Vamos, porém, por partes.
Essa ideia era tomada de alguns médicos que asseguravam ser a doença mental também
produto da desordem e por isso os manicômios deviam ocupar-se do disciplinamento
dos doentes, colocando-os para trabalhar, na convicção de que a ordem física redundaria
na ordem mental. Dessa perspectiva, não importa que o trabalho dos presos ou dos
loucos seja ou não rentável ou útil, porque é um valor disciplinador em si mesmo, como
podia ser o famoso quebrar pedras.
O disciplinamento devia ser levado a cabo na medida do talião, ou seja, de uma dor
equivalente à provocada pelo delito. A obssessão pela retribuição exata levou Mr.
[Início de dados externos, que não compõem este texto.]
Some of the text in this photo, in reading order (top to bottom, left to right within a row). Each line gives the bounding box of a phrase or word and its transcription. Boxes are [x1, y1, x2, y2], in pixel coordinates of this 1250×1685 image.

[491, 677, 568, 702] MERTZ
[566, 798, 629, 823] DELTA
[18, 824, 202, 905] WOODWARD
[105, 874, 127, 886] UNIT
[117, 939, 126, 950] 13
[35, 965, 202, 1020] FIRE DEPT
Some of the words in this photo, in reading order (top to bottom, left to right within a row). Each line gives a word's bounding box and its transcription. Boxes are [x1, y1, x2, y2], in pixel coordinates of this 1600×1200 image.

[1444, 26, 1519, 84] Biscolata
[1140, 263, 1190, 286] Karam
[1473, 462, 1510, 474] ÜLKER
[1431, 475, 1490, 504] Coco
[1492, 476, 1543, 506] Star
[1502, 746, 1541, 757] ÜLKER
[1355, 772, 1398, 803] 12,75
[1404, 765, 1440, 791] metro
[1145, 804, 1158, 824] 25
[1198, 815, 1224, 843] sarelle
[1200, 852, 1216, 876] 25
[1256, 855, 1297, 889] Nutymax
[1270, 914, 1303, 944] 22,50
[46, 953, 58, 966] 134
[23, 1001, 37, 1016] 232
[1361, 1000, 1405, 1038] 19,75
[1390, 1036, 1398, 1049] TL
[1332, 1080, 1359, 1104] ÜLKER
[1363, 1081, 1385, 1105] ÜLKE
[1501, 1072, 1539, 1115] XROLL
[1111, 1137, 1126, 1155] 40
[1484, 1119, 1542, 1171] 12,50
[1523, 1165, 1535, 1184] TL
Jeremy a projetar uma máquina de açoitar, para que a intensidade da dor fosse uniforme
e não ficassse entegue ao arbítrio do carrasco. Ainda que a guilhotina não tenha sido
inventada por ele (foi criada na França), o certo é que ela foi imaginada respondendo ao
mesmo critério.
As leis penais são feitas hoje em dia pelos assessores dos legisladores, de acordo com a
agenda definida pelos meios de comunicação de massa, mas no começo do século XIX
as projetavam os penalistas e, quando estes tomaram a ideia de Bentham, acabaram
elaborando códigos penais com penas fixas e longas listas de agravantes e atenuantes,
prevendo percentuais para cada um. Assim foi redigido, por exemplo, o primeiro código
penal do Brasil, em 1831, e seus comentadores anotavam os difíceis cálculos
matemáticos para cada caso, porque não se conheciam as calculadoras e nem todos os
juízes haviam obtido boas notas no secundário.
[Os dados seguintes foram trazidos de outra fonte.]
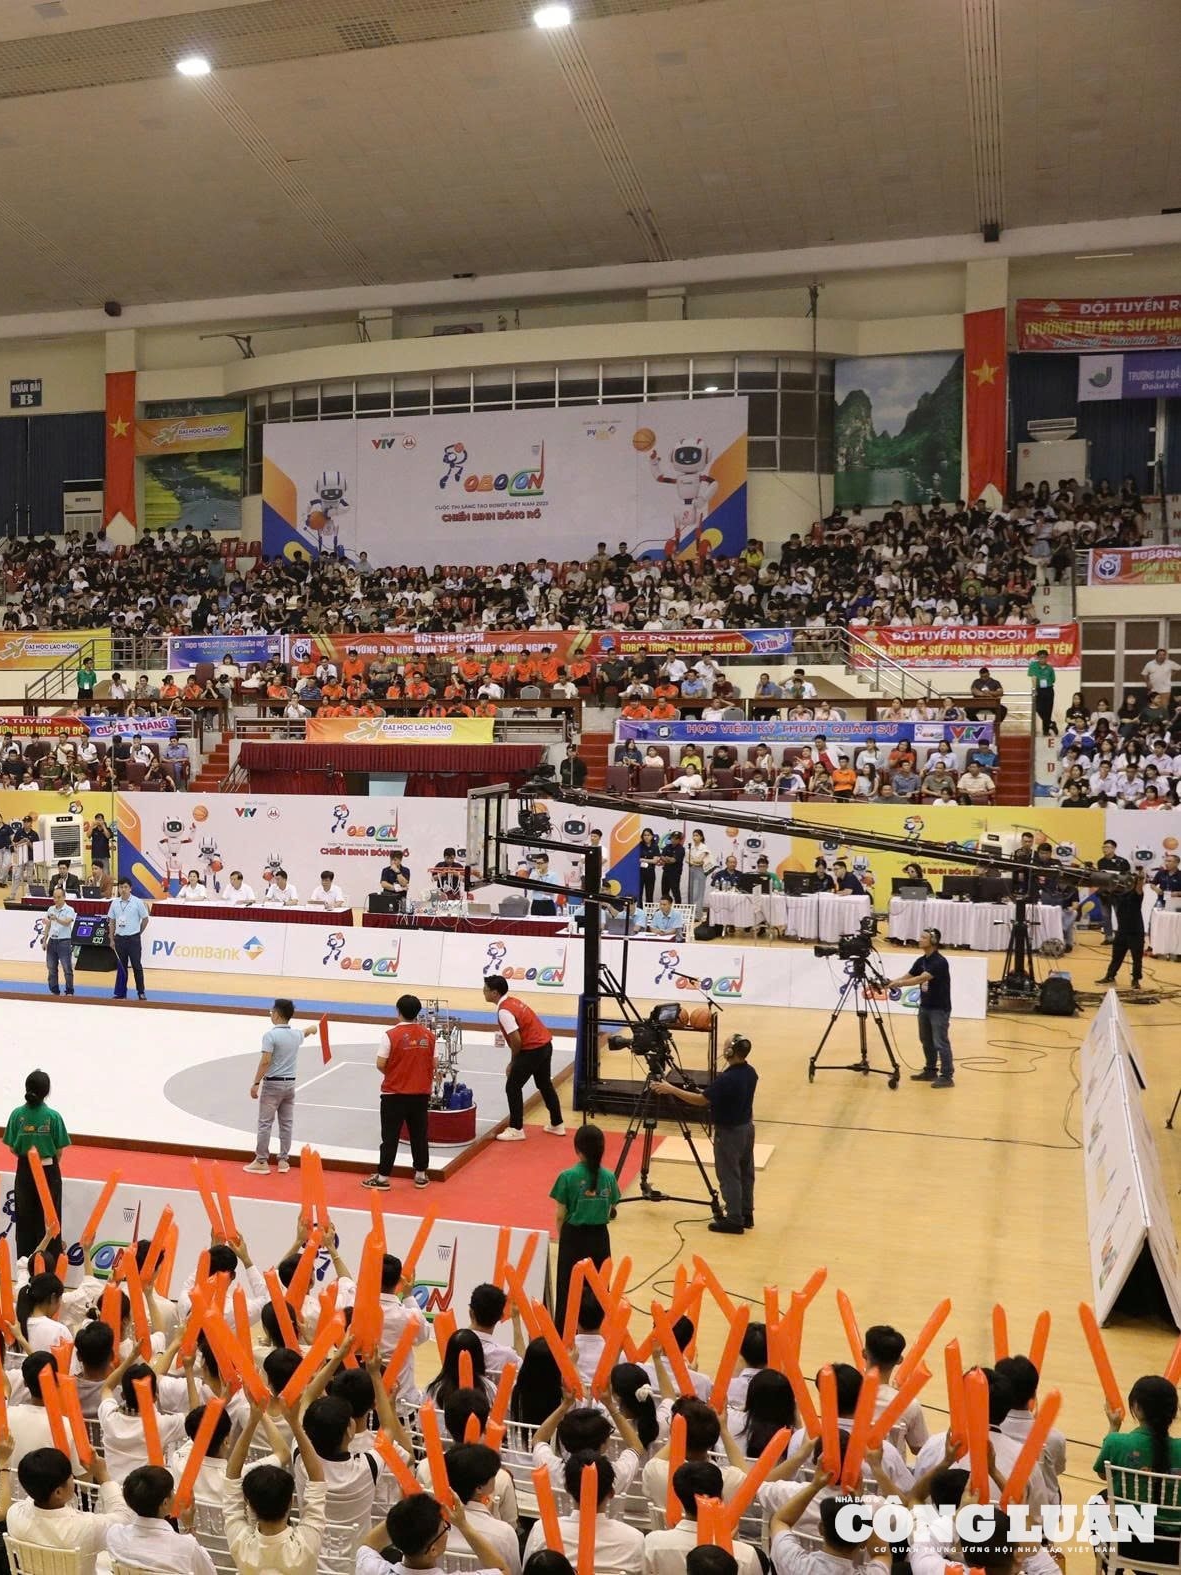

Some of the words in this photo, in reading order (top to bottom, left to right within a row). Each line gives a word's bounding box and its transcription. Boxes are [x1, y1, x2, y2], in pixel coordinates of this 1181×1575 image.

[1080, 300, 1110, 317] ĐỘI
[1114, 298, 1164, 313] TUYỂN
[1099, 320, 1124, 333] HỌC
[371, 439, 395, 450] VTV
[621, 633, 647, 641] CÁC
[892, 631, 916, 642] ĐỘI
[918, 627, 956, 641] TUYỂN
[958, 629, 1027, 641] ROBOCON
[716, 642, 733, 652] SAO
[909, 644, 926, 657] HỌC
[942, 643, 972, 657] PHẠM
[989, 641, 1020, 656] THUẬT
[1052, 641, 1073, 655] YÊN
[9, 716, 52, 724] TUYỂN
[383, 724, 395, 732] ĐẠI
[396, 724, 413, 732] HỌC
[414, 724, 429, 732] LẠC
[430, 722, 452, 731] HỒNG
[686, 723, 717, 736] HỌC
[721, 723, 755, 734] VIỆN
[781, 722, 827, 735] THUẬT
[831, 722, 874, 735] QUÂN
[949, 726, 986, 740] VTV
[235, 807, 257, 818] VTV
[320, 846, 346, 856] CHIẾN
[348, 848, 369, 857] BINH
[152, 940, 240, 961] PVcomBank
Cabe esclarecer que os panópticos nunca funcionaram como Bentham havia imaginado,
pois logo os presos descobriram sua lógica e a superlotação fez com que a visão fosse
interrompida com os múltiplos obstáculos.
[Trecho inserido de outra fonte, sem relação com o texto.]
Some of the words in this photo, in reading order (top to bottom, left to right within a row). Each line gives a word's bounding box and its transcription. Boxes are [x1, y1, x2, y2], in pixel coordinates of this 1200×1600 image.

O disciplinarismo dos utilitaristas deu muito o que falar nos anos setenta do século
passado, quando Foucault o considerou diretamente um modelo social e, na Itália, Dario
Melossi e Massimo Pavarini publicaram um livro intitulado Cárcere e fábrica, em que
destacam uma matriz comum com o disciplinamento para a produção fabril nas origens
do industrialismo. Um professor argentino, Enrique Marí, contribuiu para enriquecer
essas reflexões entre nós.
Os utilitaristas não admitiam que existisse nenhum direito natural anterior à sociedade e
sobre o qual esta não pudesse avançar. Os direitos deviam ser respeitados unicamente
porque sua lesão havia provocado mais dor que felicidade.
Era claro que o utilitarismo de Bentham encerrava uma concepção criminológica, pois
fincava a etiologia do delito na desordem da pessoa e, por conseguinte, surgia daí uma
política destinada a combatê-lo mediante o disciplinamento, que importava a pena
talional no curioso aparato inventado.